30 September 2019

Ultrasound of gene expression

The activity of genes in a living organism can be detected using ultrasound

Polit.roo

Mikhail Shapiro, a professor at the California Institute of Technology, and his colleagues have developed a fundamentally new method for detecting gene expression in a living organism.

The full text of the preprint of the article Ultrasound Imaging of Gene Expression in Mammalian Cells can be read on the bioRxiv – VM website.

In order to find out when a particular gene is turned on or off, researchers usually attach another one to the gene they are interested in – the so-called reporter gene. This role is played by genes whose activity is convenient to register, for example, the genes of green fluorescent protein or luciferase, which cause a characteristic glow. But such methods work well in cell culture and much worse in a living organism, since it is difficult to track fluorescence in internal organs.

Mikhail Shapiro and his colleagues have proposed a new reporter gene whose activity in the tissues of the body is easily tracked by conventional ultrasound examination. The researchers borrowed the necessary gene from bacteria, which differ in their ability to produce small air bubbles inside a bacterial cell ("gas vesicles"). Back in 2014, Shapiro's laboratory found that these bubbles are easily detected by ultrasound.

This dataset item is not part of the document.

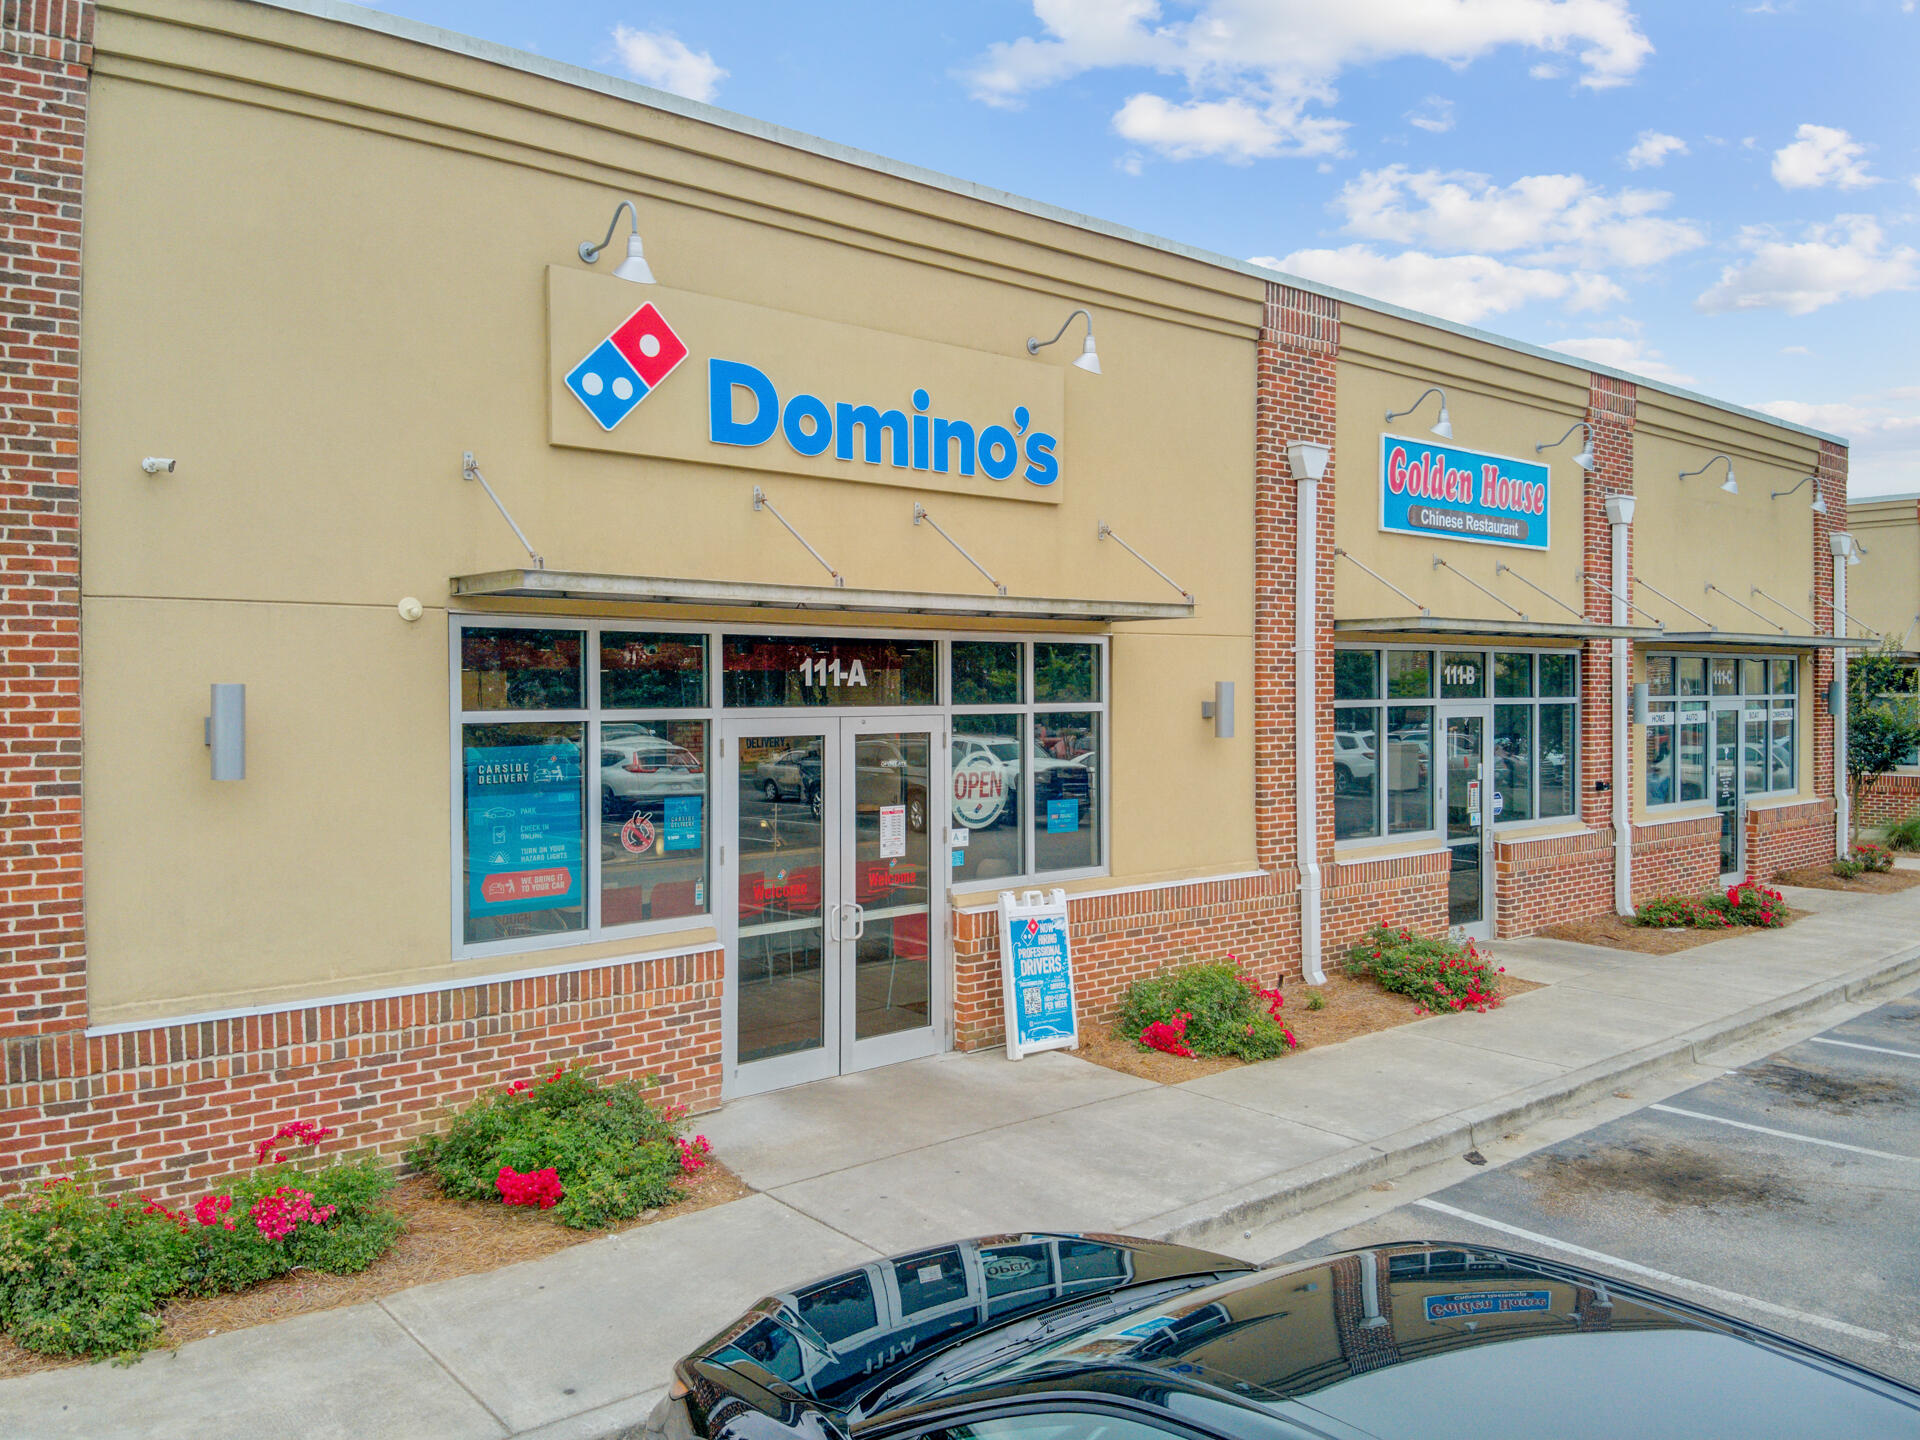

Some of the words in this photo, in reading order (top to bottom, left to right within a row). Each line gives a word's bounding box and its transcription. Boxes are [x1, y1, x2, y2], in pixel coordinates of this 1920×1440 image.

Now scientists have managed to make mammalian cells synthesize the same vesicles.

This was not an easy task, since nine genes are responsible for this work in bacteria, and most importantly, the mechanisms of information transfer from DNA to RNA and further protein synthesis in mammals (as in other eukaryotes) and bacteria differ significantly. If you simply transplant bacterial genes into the DNA of a cell, it will not be able to use them. "The translation mechanism is very different in the two types of cells," says one of the authors of the study, Arash Farhadi. "One of the biggest differences is that bacterial DNA often has many genes that are transcribed into one common RNA fragment, and it is then translated into all the corresponding proteins, whereas in eukaryotes each gene is usually on its own." Researchers were able to make bacterial DNA work in mammalian cells by using a mechanism that viruses use to insert their genome into the cell nucleus.

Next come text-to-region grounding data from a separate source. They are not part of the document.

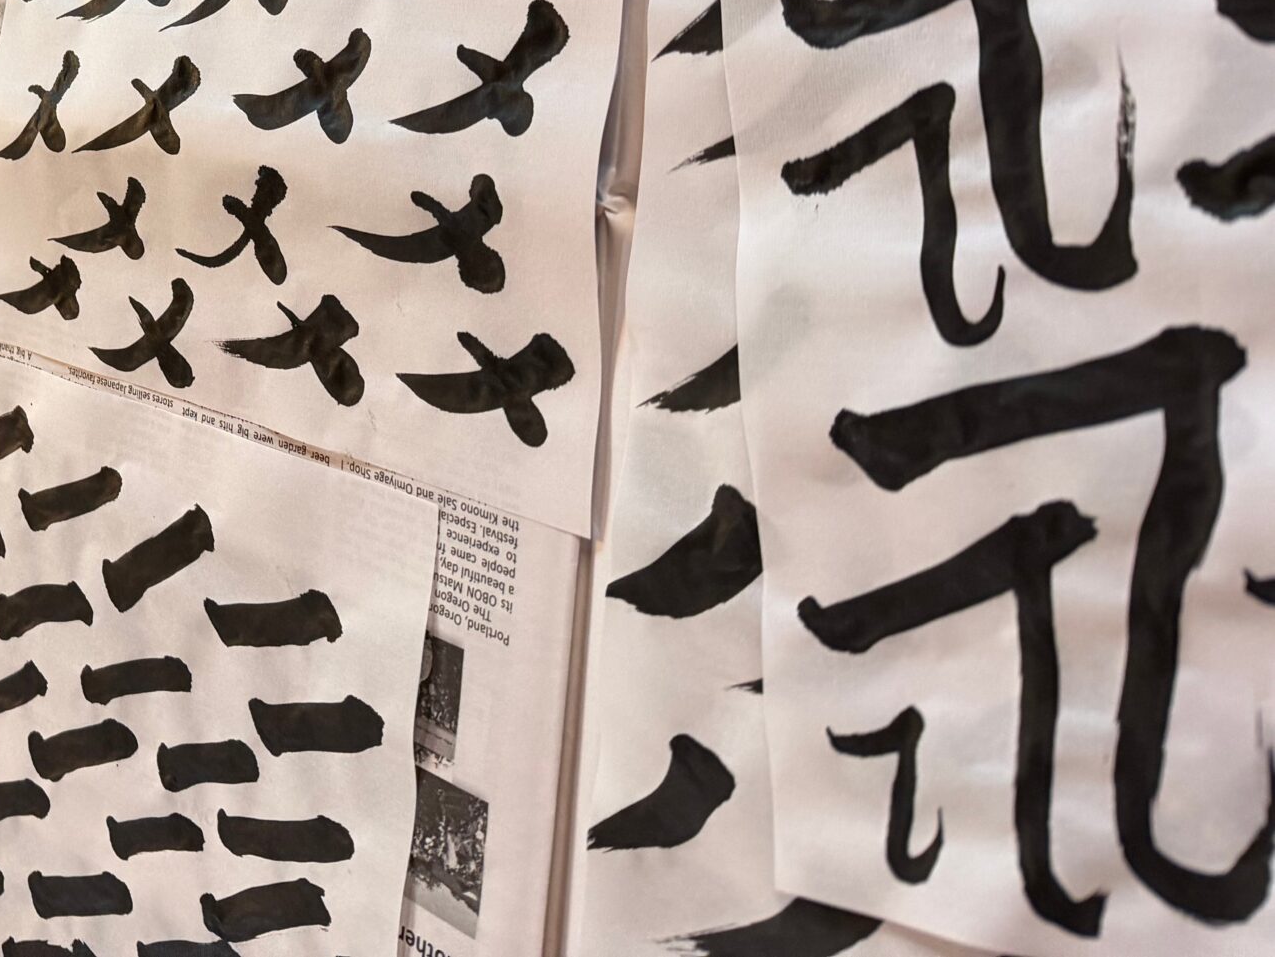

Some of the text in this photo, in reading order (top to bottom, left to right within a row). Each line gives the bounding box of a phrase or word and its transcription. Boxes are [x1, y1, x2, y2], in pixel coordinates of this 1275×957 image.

[16, 346, 26, 359] big
[67, 365, 174, 409] stores selling Japanese favorites.
[181, 406, 331, 467] beer garden were big hits and kept
[346, 460, 520, 533] the Kimono Sale and Omiyage Shop.
[446, 528, 517, 565] to experience
[480, 524, 519, 550] festival.
[439, 556, 460, 575] day,
[450, 546, 517, 580] people came
[460, 566, 506, 595] beautiful
[433, 572, 514, 615] its OBON Matsu
[434, 588, 492, 624] The Oregon
[465, 615, 510, 647] Portland,

But even after the bacterial DNA started working in the cells and the synthesis of the necessary proteins started, air bubbles did not arise. As it turned out, it is not enough to have the right proteins for this, it is also necessary that these proteins are produced in the right ratio. "The correct ratios of proteins are programmed in clusters of bacterial genes, but when we put them in mammalian cells, we have to figure out what these ratios should be and how to get mammalian cells to produce these proteins correctly," says Farhadi. This task required several years of work.

Ultrasound.jpg

Now the genes have worked properly, and nanobubbles filled with air really began to appear in the cells. They are detected by ultrasound, which can penetrate into the body, so the new reporter gene is applicable to study gene expression in neurons, cells of the immune system and other types of cells of the body, as well as in tumor cells. The researchers hope that in the future their method will also be used by doctors to monitor the course of gene therapy in a patient.